Samira shrugs. “Someone needs to relieve you in the morning.” 

The last time they were forecasted for weather this bad, between the time the snow started and the snow finally stopped, only two hundred and forty seven patients presented themselves to the emergency department. At one point, they’d broken it down by hour—over the course of almost fifty hours of blizzard conditions, they’d treated an average of six patients per hour. 

But still, you have to sleep eventually. 

“Yeah, but I don’t need anyone to relieve me now,” he replies. Their fingers brush as he hands her the mug. It’s fresh, and smells like the coffee grounds he saves for particularly rough or boring shifts, from the bag he has squirreled away in his locker. 

Taking a sip—oat milk, brown sugar, a whack of cinnamon from the expired spice jar in one of the cabinets—she smiles. “It’s not my bedtime yet.”

She saw him at handover, of course. 

Took the unbuttoned henley he put on under his scrubs instead of his standard bleached Hanes undershirt as the weather advisory that it was. Was also possibly mildly distracted at how his forearms looked when he pushed up the sleeves. 

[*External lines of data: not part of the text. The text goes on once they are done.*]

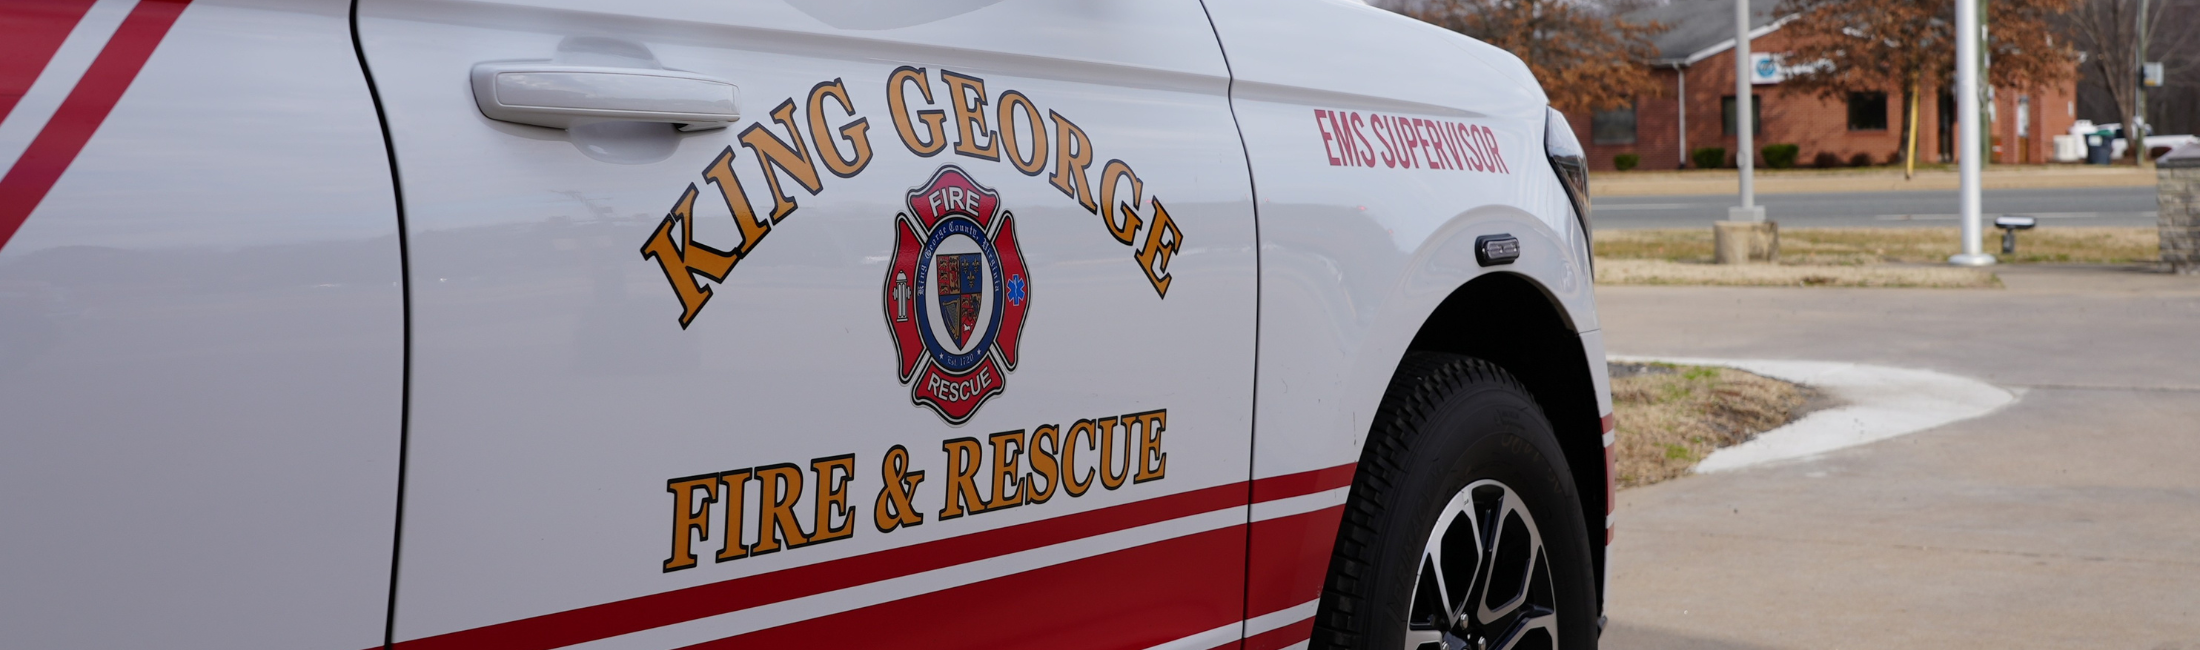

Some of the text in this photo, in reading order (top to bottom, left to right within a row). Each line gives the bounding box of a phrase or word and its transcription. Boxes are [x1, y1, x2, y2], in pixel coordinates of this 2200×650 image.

[1314, 109, 1510, 174] EMS SUPERVISOR
[640, 65, 1183, 330] KING GEORGE
[928, 186, 980, 217] FIRE
[917, 221, 1000, 296] King George County, Virginia
[927, 366, 992, 402] RESCUE
[960, 354, 974, 366] 1720
[663, 409, 1167, 573] FIRE & RESCUE
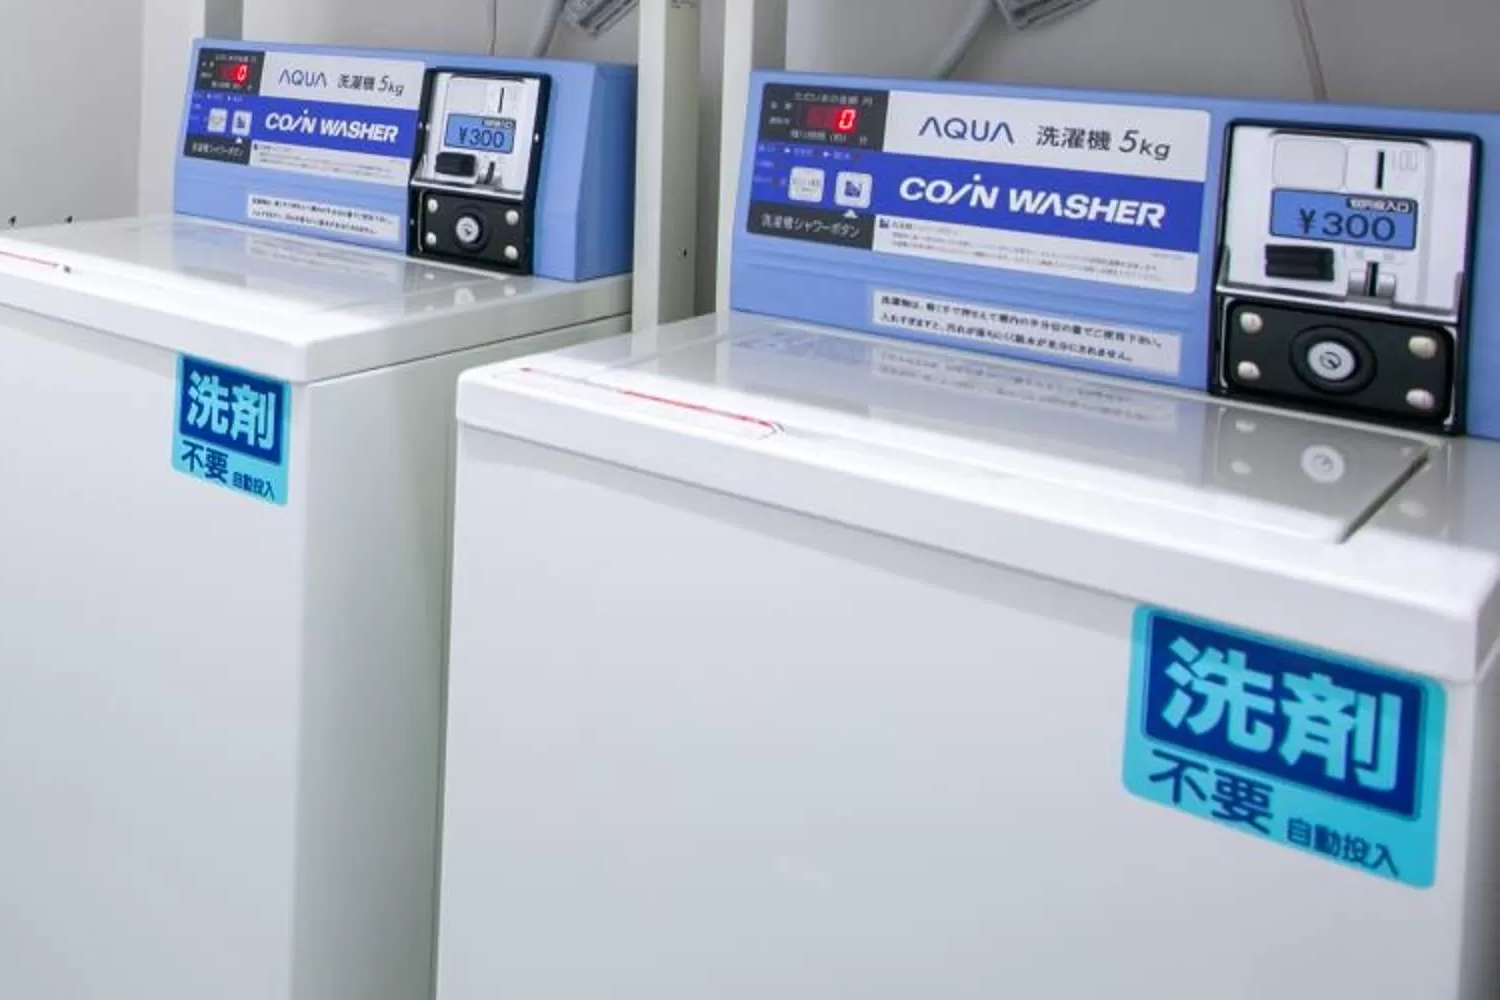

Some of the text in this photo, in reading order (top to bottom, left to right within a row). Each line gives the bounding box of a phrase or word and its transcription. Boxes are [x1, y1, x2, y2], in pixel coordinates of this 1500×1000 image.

[236, 64, 248, 82] 0
[277, 68, 328, 89] AQUA
[337, 73, 375, 92] 洗濯機
[265, 108, 399, 143] COIN WASHER
[838, 108, 857, 130] 0
[918, 116, 1015, 145] AQUA
[1036, 124, 1112, 151] 洗濯機
[457, 125, 505, 149] ¥300
[899, 174, 1167, 229] COIN WASHER
[1299, 207, 1396, 242] ¥300
[187, 370, 276, 450] 洗剤
[181, 439, 229, 484] 不要
[1161, 636, 1403, 792] 洗剤
[1149, 748, 1399, 876] 不要 自動投入

“We’ve got Chairs mostly cleared out,” he says, crossing his arms and making the sleeves situation worse. Tendons flexing, silver arm hairs glint in harsh fluorescent light. “Waiting on some lab work to come back on the stragglers. Waiting on a few of our frequent flyers to make it in, but hopefully they’ve found beds at the local warming centers. All elective surgeries have been cancelled for the next two days, so we should be able to clear out most of our boarders to Med-Surg. We’re still gonna have to draw numbers for open ICU beds.” 

For the most part, the Pitt will remain empty. 

There will be the people who trickle in—homeless folks looking for a place to get warm, nervous parents with baby’s first fever, early cases of frostbite and wind burn. And then there will also be the injuries and illnesses caused by the storm itself, casualties of a lack of patience or forethought—MVAs, snow blower accidents, cardiac events incited via rigorous shoveling, slip and falls over black ice. 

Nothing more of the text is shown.